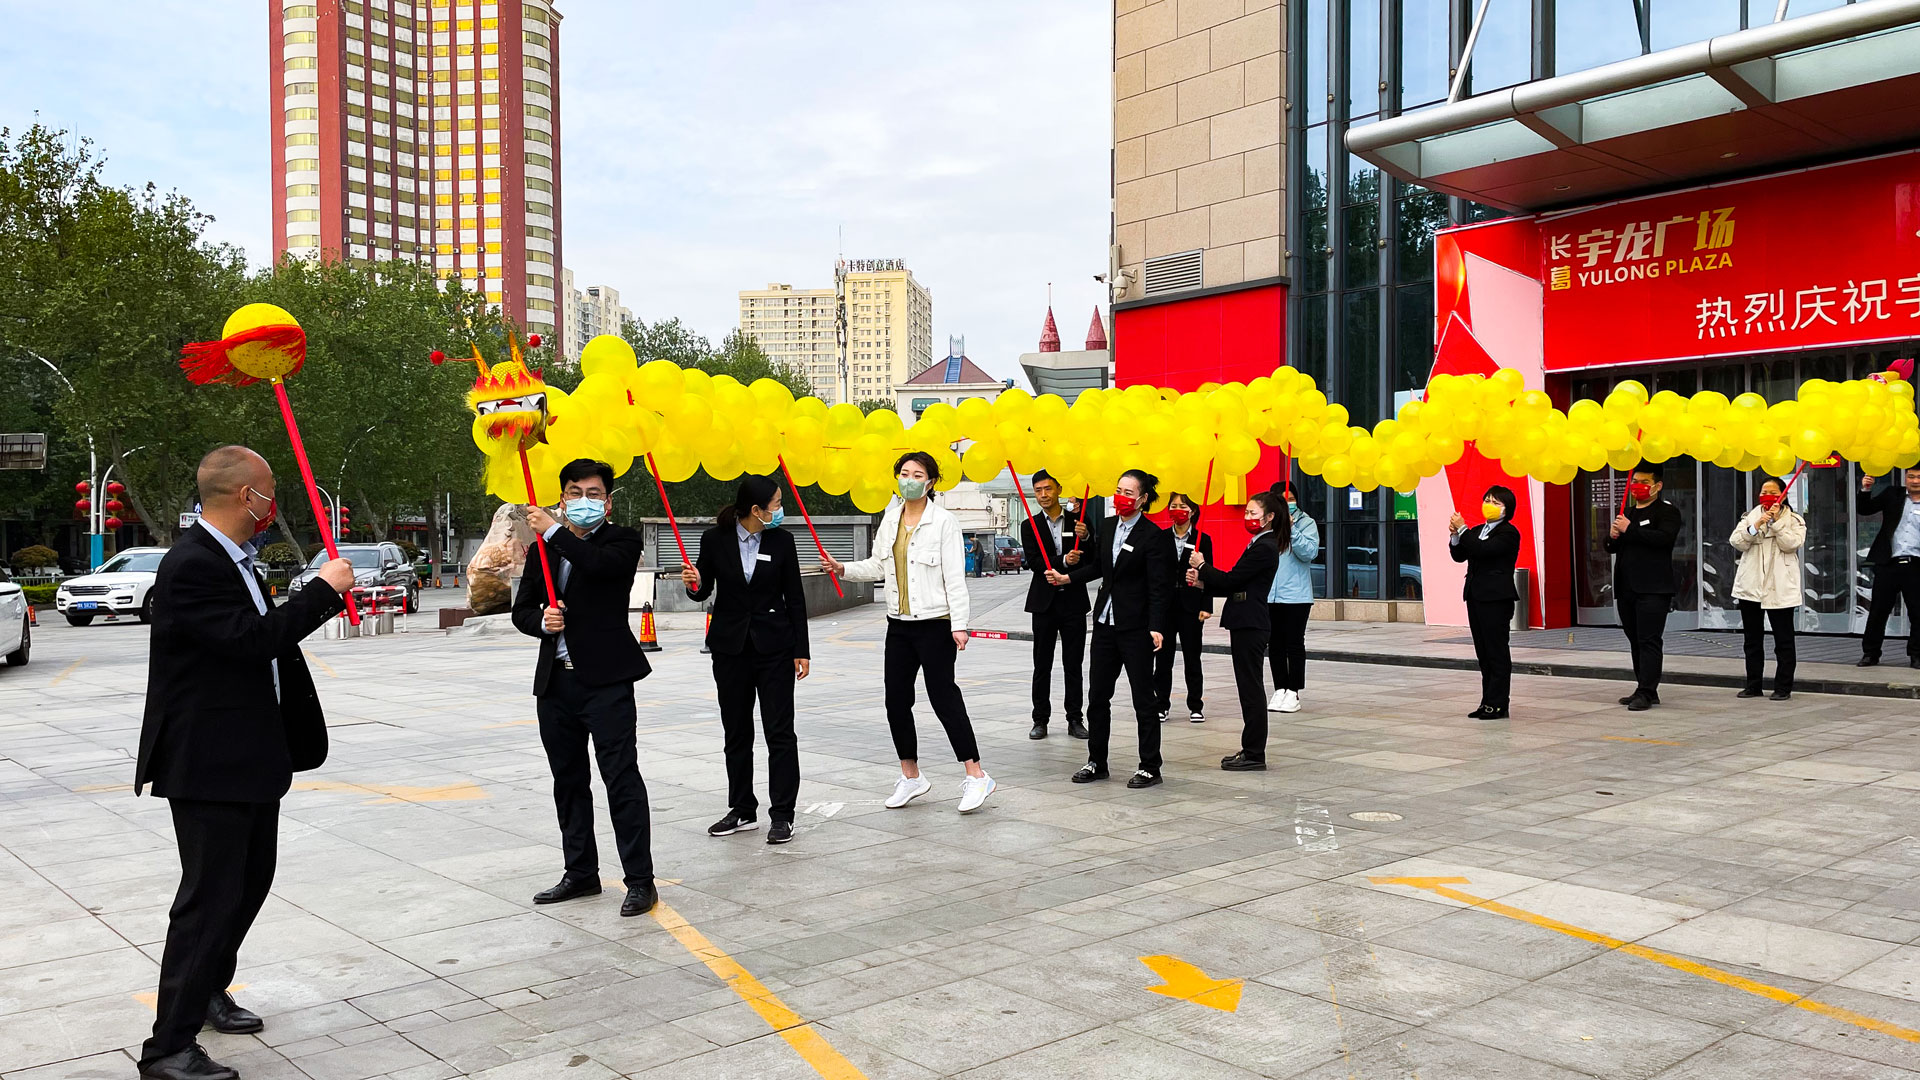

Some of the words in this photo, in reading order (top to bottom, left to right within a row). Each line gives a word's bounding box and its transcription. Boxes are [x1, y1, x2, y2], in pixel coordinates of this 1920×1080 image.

[1550, 233, 1572, 291] 长葛
[1576, 206, 1736, 268] 宇龙广场
[1577, 262, 1660, 288] YULONG
[1665, 252, 1733, 276] PLAZA

####

Please restate each entry exactly, but drop any picture it holds.

| RESULT BELOW |
Some of the words in this photo, in reading order (top to bottom, left to right within a row). Each line gives a word's bounding box and its transcription. Boxes are [x1, y1, x2, y2], in pixel coordinates of this 1920×1080 image.

[1550, 233, 1572, 291] 长葛
[1576, 206, 1736, 268] 宇龙广场
[1577, 262, 1660, 288] YULONG
[1665, 252, 1733, 276] PLAZA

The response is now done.